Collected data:
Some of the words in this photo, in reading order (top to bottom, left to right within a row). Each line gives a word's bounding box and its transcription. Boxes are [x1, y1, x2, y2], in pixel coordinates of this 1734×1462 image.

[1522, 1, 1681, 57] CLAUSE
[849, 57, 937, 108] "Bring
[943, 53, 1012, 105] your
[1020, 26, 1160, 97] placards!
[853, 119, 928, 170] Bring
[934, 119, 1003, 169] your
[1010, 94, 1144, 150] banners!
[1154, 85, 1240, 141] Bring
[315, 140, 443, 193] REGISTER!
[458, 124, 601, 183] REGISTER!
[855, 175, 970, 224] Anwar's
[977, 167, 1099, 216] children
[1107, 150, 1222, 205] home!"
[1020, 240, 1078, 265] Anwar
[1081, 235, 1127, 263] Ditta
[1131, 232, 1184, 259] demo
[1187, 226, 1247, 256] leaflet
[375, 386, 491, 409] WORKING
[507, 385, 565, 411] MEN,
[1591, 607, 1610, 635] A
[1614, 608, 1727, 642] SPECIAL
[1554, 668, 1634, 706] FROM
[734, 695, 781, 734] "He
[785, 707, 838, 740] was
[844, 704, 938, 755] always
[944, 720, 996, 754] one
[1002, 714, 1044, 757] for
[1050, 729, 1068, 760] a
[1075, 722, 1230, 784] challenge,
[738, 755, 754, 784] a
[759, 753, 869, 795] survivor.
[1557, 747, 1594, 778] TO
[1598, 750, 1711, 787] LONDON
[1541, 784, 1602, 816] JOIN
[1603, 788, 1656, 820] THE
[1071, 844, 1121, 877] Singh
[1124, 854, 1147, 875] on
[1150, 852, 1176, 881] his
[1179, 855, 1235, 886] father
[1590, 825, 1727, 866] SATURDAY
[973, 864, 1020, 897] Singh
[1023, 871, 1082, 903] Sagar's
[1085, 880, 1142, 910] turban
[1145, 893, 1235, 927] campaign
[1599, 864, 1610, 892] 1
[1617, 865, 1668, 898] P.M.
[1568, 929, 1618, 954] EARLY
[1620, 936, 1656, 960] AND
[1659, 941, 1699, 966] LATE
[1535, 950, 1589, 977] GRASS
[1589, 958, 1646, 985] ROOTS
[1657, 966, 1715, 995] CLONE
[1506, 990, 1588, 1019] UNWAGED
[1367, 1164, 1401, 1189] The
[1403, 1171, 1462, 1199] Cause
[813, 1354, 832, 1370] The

- REQUIRED WORK:
Repeat the records above exactly, with nothing left out.

- ANSWER:
Some of the words in this photo, in reading order (top to bottom, left to right within a row). Each line gives a word's bounding box and its transcription. Boxes are [x1, y1, x2, y2], in pixel coordinates of this 1734×1462 image.

[1522, 1, 1681, 57] CLAUSE
[849, 57, 937, 108] "Bring
[943, 53, 1012, 105] your
[1020, 26, 1160, 97] placards!
[853, 119, 928, 170] Bring
[934, 119, 1003, 169] your
[1010, 94, 1144, 150] banners!
[1154, 85, 1240, 141] Bring
[315, 140, 443, 193] REGISTER!
[458, 124, 601, 183] REGISTER!
[855, 175, 970, 224] Anwar's
[977, 167, 1099, 216] children
[1107, 150, 1222, 205] home!"
[1020, 240, 1078, 265] Anwar
[1081, 235, 1127, 263] Ditta
[1131, 232, 1184, 259] demo
[1187, 226, 1247, 256] leaflet
[375, 386, 491, 409] WORKING
[507, 385, 565, 411] MEN,
[1591, 607, 1610, 635] A
[1614, 608, 1727, 642] SPECIAL
[1554, 668, 1634, 706] FROM
[734, 695, 781, 734] "He
[785, 707, 838, 740] was
[844, 704, 938, 755] always
[944, 720, 996, 754] one
[1002, 714, 1044, 757] for
[1050, 729, 1068, 760] a
[1075, 722, 1230, 784] challenge,
[738, 755, 754, 784] a
[759, 753, 869, 795] survivor.
[1557, 747, 1594, 778] TO
[1598, 750, 1711, 787] LONDON
[1541, 784, 1602, 816] JOIN
[1603, 788, 1656, 820] THE
[1071, 844, 1121, 877] Singh
[1124, 854, 1147, 875] on
[1150, 852, 1176, 881] his
[1179, 855, 1235, 886] father
[1590, 825, 1727, 866] SATURDAY
[973, 864, 1020, 897] Singh
[1023, 871, 1082, 903] Sagar's
[1085, 880, 1142, 910] turban
[1145, 893, 1235, 927] campaign
[1599, 864, 1610, 892] 1
[1617, 865, 1668, 898] P.M.
[1568, 929, 1618, 954] EARLY
[1620, 936, 1656, 960] AND
[1659, 941, 1699, 966] LATE
[1535, 950, 1589, 977] GRASS
[1589, 958, 1646, 985] ROOTS
[1657, 966, 1715, 995] CLONE
[1506, 990, 1588, 1019] UNWAGED
[1367, 1164, 1401, 1189] The
[1403, 1171, 1462, 1199] Cause
[813, 1354, 832, 1370] The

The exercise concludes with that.